Round Lake Park authorizes body cams for police
Round Lake Park could become the first community in Lake County to outfit its police officers with body cameras, a situation authorities say they welcome but comes with a variety of issues that need to be addressed.
As part of the 2015-16 budget, the village board on Tuesday unanimously authorized Police Chief George Filenko to spend up to $60,000 for a video system for seven front-line squad cars and body cameras for 13 officers.
"This wasn't knee jerk and there is no rush to this," Filenko said. "This is not just something we've been looking at because of what's going on," he added.
The department discontinued its use of in-car video about three years ago. That was a proprietary system and when the supplier went out of business, it became impractical to use of the equipment, Filenko said.
Since then, police behavior in several high-profile national cases has come into question.
"Obviously, there's a national mistrust of the police and policing in general," Filenko said. "There been an outcry for video."
He said he has been considering body cameras for officers for about two years and had acquired some test cameras but found them too cumbersome.

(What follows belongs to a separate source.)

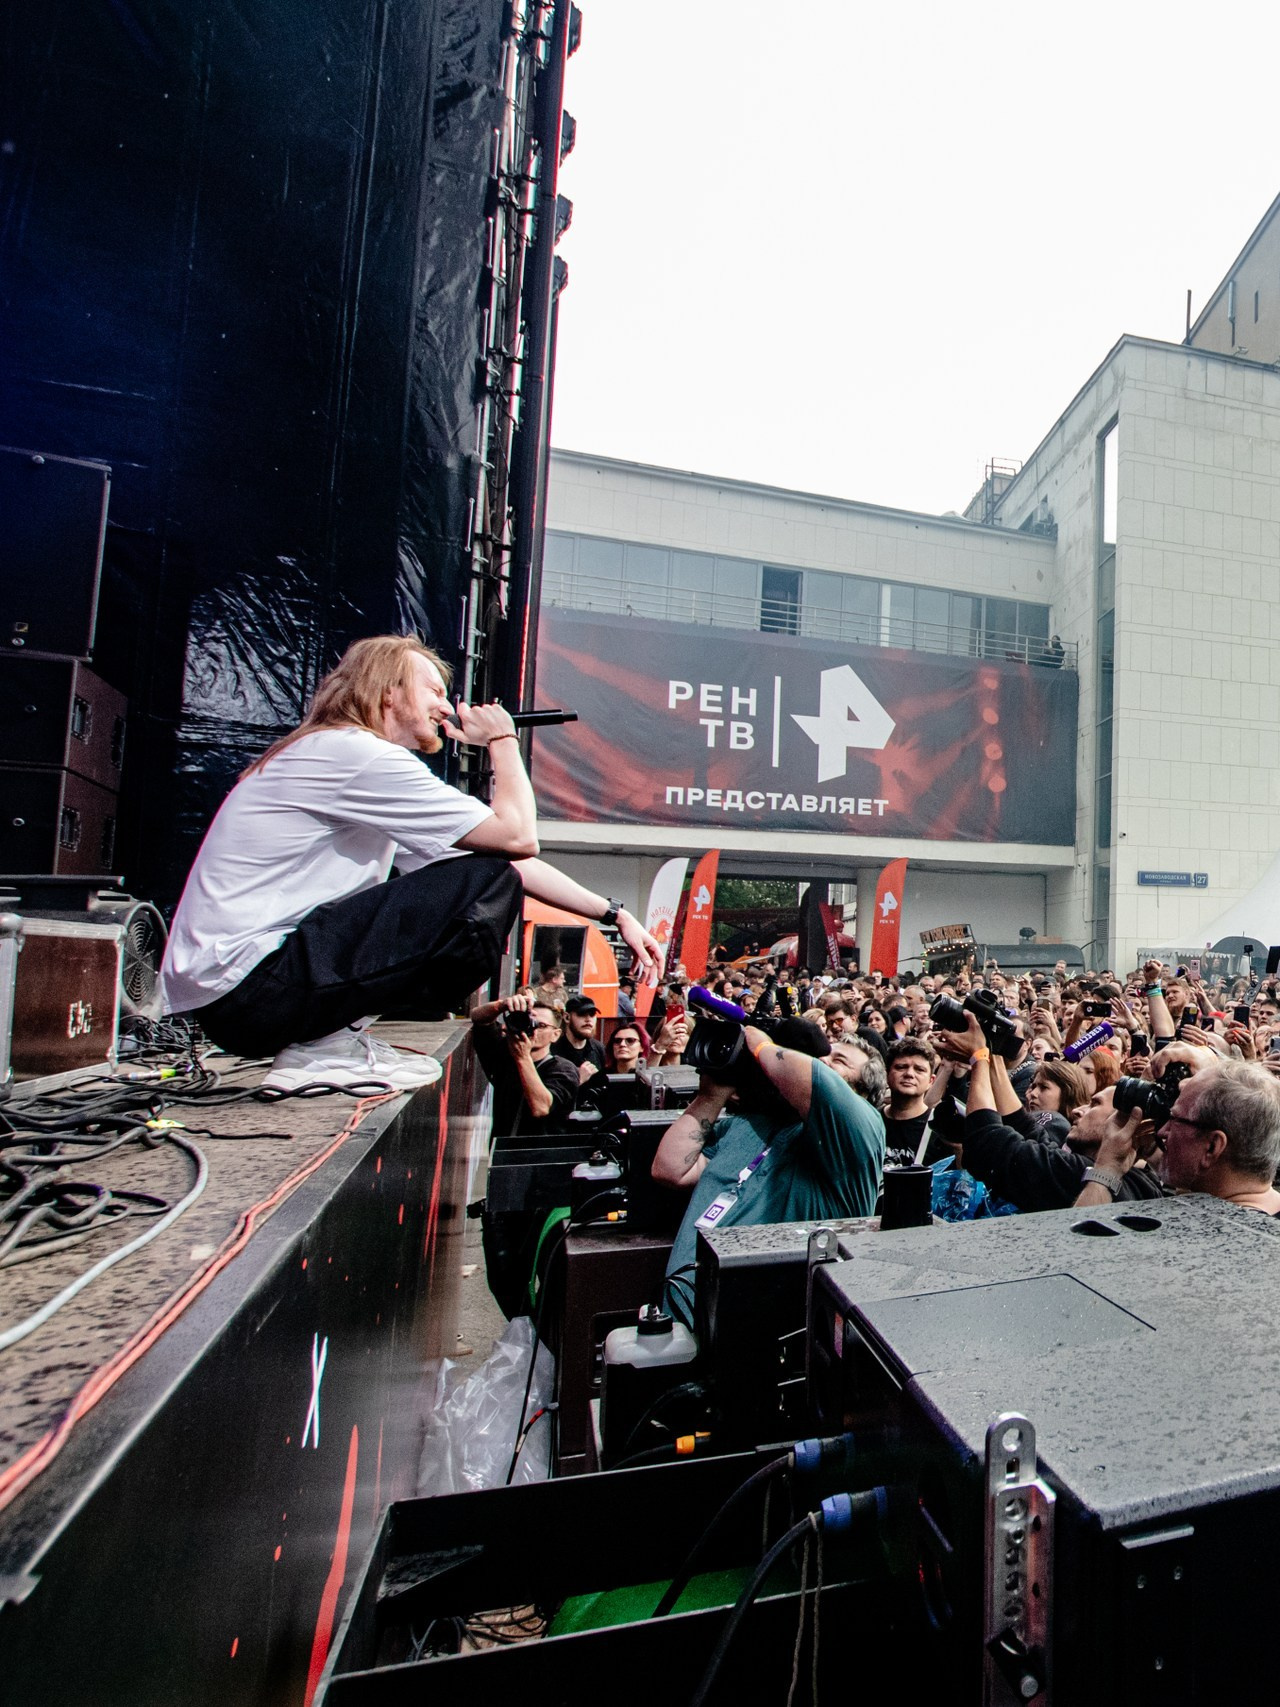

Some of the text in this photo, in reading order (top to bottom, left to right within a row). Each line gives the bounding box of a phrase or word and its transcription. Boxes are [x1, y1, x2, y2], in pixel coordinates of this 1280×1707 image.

That has changed with the times and there are vendors now that provide both in-car and body cameras.
"If you only have one system, it's a one-dimensional perspective," he said.

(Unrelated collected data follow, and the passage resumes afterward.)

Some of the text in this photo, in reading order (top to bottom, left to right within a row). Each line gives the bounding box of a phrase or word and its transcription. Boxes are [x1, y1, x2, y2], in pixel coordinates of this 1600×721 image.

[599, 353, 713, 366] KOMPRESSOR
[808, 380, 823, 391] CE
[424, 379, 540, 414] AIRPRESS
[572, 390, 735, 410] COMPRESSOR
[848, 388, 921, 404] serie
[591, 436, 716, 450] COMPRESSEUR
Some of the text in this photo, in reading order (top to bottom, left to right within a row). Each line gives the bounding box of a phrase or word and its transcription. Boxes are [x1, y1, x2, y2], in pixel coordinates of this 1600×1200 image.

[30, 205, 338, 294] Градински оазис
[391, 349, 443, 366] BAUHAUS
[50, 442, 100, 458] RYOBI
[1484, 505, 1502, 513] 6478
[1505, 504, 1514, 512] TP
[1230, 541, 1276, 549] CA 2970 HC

Filenko's request was unanimously approved by the village board as part of the capital budget.
"We feel it's very important to do it now as opposed to later, given everything that's going (on) with different departments and jurisdictions," Mayor Linda Lucassen said.
"These days, we feel we have to prove every (police) step is legitimate. They (the public) don't have the trust like they once did," she said.

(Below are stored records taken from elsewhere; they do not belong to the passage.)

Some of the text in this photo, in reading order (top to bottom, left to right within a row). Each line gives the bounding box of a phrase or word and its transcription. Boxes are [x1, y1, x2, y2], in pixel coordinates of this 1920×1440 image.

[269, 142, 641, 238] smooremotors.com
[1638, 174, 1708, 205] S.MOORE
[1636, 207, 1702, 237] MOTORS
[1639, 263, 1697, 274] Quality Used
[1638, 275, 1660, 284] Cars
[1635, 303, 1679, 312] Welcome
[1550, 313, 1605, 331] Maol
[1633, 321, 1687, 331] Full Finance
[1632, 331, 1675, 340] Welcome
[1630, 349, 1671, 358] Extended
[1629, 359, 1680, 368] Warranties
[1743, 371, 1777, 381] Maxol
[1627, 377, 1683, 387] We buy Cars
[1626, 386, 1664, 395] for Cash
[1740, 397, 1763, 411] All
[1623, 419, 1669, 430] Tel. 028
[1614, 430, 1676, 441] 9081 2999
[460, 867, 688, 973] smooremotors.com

Some communities, such as Elgin and Waukegan, are considering body cameras for police but their actual implementation is sparse. That's partially a question of cost, particularly for data storage, as well as current state law that provides an expectation of privacy, according to those familiar with the issue.
"Chicago has a pilot program right now. Everybody knows about it and is keeping an eye on it," said Paul Shafer, Highland Park police chief and president of the Lake County Chiefs of Police Association. "Everybody has some concerns with the legality of it," he added.
Lake County State's Attorney Mike Nerheim said body cameras are "one of our main areas of focus right now," and he has encouraged departments to look at the guidelines being used in Chicago.
"Every chief I've talked to is receptive to the idea. It boils down to cost," he said.
The use of body cameras is governed by Illinois' eavesdropping law, according to Nerheim.
Besides the expectation of privacy, other questions include how long the video needs to be stored or when can an officer turn the camera on or off, for example.
Legislation is pending in Springfield that "cleans up a lot of issues" regarding the use of body cameras, Nerheim added.
"Most departments will probably start to be equipped with them so there will have to be changes in the law," Filenko said.
Filenko heads the Lake County Major Crimes Task Force. He said "more video is always good" when it comes to investigations.
"I don't want to be that department that didn't have equipment that could have proved something one way or the other," he said.
Filenko said a contract for the equipment has not yet been signed.